_ASSIGNED TASK_: Your answer should hold exactly the lines from the one with "this 2048×1366 image." through the final line of the data below, reproduced as written.

BEGIN GIVEN DATA

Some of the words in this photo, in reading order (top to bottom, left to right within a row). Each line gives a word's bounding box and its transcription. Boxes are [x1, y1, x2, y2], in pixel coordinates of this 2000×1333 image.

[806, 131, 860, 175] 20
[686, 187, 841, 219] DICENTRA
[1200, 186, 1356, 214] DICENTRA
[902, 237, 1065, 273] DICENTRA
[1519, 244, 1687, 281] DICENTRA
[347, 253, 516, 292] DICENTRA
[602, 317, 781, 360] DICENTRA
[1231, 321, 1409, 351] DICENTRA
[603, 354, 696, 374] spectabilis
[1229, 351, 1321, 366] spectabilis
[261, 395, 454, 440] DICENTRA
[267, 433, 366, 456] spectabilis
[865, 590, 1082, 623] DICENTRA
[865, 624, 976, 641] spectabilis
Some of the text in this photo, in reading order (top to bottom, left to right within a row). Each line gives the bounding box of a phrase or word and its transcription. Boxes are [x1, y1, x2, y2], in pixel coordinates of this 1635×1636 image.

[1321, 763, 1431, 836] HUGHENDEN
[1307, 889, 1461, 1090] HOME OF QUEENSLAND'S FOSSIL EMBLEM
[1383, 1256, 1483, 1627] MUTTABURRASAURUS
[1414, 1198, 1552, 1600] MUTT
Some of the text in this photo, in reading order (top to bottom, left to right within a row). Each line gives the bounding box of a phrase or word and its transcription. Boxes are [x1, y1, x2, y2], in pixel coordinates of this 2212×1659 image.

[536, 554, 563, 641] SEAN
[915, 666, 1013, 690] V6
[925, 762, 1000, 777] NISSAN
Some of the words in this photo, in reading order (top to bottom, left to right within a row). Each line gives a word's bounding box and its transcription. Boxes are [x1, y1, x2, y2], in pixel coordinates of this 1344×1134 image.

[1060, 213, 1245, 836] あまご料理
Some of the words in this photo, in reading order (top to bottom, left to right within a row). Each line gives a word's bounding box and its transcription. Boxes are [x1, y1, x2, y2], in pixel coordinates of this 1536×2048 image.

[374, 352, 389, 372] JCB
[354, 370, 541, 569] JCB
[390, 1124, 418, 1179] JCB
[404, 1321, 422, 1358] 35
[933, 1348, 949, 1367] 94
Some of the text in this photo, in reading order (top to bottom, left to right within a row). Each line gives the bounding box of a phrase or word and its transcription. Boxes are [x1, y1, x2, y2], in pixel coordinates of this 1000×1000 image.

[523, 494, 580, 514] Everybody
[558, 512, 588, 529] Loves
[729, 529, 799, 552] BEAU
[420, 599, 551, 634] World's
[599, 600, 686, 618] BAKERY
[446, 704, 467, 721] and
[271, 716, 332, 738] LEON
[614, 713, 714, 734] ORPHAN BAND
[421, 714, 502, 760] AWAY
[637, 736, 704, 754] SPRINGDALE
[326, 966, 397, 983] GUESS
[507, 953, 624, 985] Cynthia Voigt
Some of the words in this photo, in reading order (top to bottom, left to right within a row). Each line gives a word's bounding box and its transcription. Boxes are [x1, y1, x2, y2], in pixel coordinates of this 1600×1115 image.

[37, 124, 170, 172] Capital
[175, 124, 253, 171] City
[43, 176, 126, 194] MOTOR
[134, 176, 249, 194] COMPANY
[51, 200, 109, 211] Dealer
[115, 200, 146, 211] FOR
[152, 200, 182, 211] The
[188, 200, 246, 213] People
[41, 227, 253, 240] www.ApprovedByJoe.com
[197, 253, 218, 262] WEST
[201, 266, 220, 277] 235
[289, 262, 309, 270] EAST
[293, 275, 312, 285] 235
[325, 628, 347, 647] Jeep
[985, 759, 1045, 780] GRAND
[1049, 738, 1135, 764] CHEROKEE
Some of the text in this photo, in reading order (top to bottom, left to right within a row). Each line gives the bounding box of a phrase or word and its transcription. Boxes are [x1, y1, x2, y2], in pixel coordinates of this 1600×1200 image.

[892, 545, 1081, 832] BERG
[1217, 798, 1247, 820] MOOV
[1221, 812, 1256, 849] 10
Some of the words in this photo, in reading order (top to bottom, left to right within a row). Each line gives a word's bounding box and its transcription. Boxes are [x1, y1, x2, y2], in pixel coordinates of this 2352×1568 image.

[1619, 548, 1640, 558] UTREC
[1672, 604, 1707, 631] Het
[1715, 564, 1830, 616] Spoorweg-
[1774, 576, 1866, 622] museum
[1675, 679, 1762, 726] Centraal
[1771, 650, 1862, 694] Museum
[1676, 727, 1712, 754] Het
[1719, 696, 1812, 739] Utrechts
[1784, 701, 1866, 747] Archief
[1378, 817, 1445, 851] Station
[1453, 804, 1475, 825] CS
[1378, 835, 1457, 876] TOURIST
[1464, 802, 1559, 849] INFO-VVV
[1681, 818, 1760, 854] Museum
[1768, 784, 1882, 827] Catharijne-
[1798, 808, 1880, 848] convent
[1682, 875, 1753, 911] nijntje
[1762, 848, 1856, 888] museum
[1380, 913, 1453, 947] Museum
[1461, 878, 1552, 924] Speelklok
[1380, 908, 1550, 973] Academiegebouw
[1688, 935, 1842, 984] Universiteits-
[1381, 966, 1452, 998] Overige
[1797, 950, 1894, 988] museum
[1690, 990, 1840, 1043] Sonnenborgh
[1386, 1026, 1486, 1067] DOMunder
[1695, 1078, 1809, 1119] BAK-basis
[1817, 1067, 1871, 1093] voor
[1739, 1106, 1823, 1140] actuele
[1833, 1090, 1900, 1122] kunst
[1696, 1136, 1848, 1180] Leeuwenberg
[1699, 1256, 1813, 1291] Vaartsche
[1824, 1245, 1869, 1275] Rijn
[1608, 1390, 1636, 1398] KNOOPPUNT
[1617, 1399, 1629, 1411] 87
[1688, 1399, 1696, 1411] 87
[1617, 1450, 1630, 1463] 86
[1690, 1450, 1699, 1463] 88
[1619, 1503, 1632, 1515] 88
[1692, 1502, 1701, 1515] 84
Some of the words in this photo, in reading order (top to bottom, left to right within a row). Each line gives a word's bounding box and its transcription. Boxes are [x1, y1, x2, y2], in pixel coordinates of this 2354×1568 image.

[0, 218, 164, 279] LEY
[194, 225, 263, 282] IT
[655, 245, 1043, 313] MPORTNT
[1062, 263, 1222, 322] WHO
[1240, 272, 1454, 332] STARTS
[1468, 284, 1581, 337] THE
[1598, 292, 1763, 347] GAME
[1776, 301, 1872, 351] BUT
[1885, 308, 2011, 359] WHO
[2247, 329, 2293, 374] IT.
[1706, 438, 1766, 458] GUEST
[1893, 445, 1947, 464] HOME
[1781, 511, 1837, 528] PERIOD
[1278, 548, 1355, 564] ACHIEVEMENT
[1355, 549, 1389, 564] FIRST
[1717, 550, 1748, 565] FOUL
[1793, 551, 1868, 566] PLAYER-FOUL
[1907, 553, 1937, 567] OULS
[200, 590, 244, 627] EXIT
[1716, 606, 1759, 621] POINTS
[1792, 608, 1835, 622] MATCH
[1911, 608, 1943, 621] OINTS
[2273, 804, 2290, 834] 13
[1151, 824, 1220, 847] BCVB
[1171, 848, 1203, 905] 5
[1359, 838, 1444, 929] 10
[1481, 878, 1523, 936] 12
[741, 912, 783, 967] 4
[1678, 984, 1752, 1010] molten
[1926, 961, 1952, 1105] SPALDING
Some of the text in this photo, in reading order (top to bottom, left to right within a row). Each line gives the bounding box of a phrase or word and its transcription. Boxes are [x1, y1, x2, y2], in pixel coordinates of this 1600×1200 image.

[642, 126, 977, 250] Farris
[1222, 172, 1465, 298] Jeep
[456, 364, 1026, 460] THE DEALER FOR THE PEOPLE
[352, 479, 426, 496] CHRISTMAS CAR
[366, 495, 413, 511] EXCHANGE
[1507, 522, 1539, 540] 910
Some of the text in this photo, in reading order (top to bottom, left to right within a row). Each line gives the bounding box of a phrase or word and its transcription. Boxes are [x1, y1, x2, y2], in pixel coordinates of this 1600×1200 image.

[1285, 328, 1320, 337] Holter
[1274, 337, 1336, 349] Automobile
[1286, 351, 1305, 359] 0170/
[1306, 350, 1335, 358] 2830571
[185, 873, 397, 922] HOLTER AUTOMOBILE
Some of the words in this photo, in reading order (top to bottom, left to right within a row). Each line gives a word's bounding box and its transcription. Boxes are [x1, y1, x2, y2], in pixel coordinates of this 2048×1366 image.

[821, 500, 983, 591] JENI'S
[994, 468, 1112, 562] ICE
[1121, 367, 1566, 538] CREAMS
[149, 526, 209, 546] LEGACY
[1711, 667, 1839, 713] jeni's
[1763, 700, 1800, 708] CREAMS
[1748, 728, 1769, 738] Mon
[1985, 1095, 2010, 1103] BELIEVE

END GIVEN DATA

_RESULT BELOW_:
Some of the words in this photo, in reading order (top to bottom, left to right within a row). Each line gives a word's bounding box and its transcription. Boxes are [x1, y1, x2, y2], in pixel coordinates of this 2048×1366 image.

[821, 500, 983, 591] JENI'S
[994, 468, 1112, 562] ICE
[1121, 367, 1566, 538] CREAMS
[149, 526, 209, 546] LEGACY
[1711, 667, 1839, 713] jeni's
[1763, 700, 1800, 708] CREAMS
[1748, 728, 1769, 738] Mon
[1985, 1095, 2010, 1103] BELIEVE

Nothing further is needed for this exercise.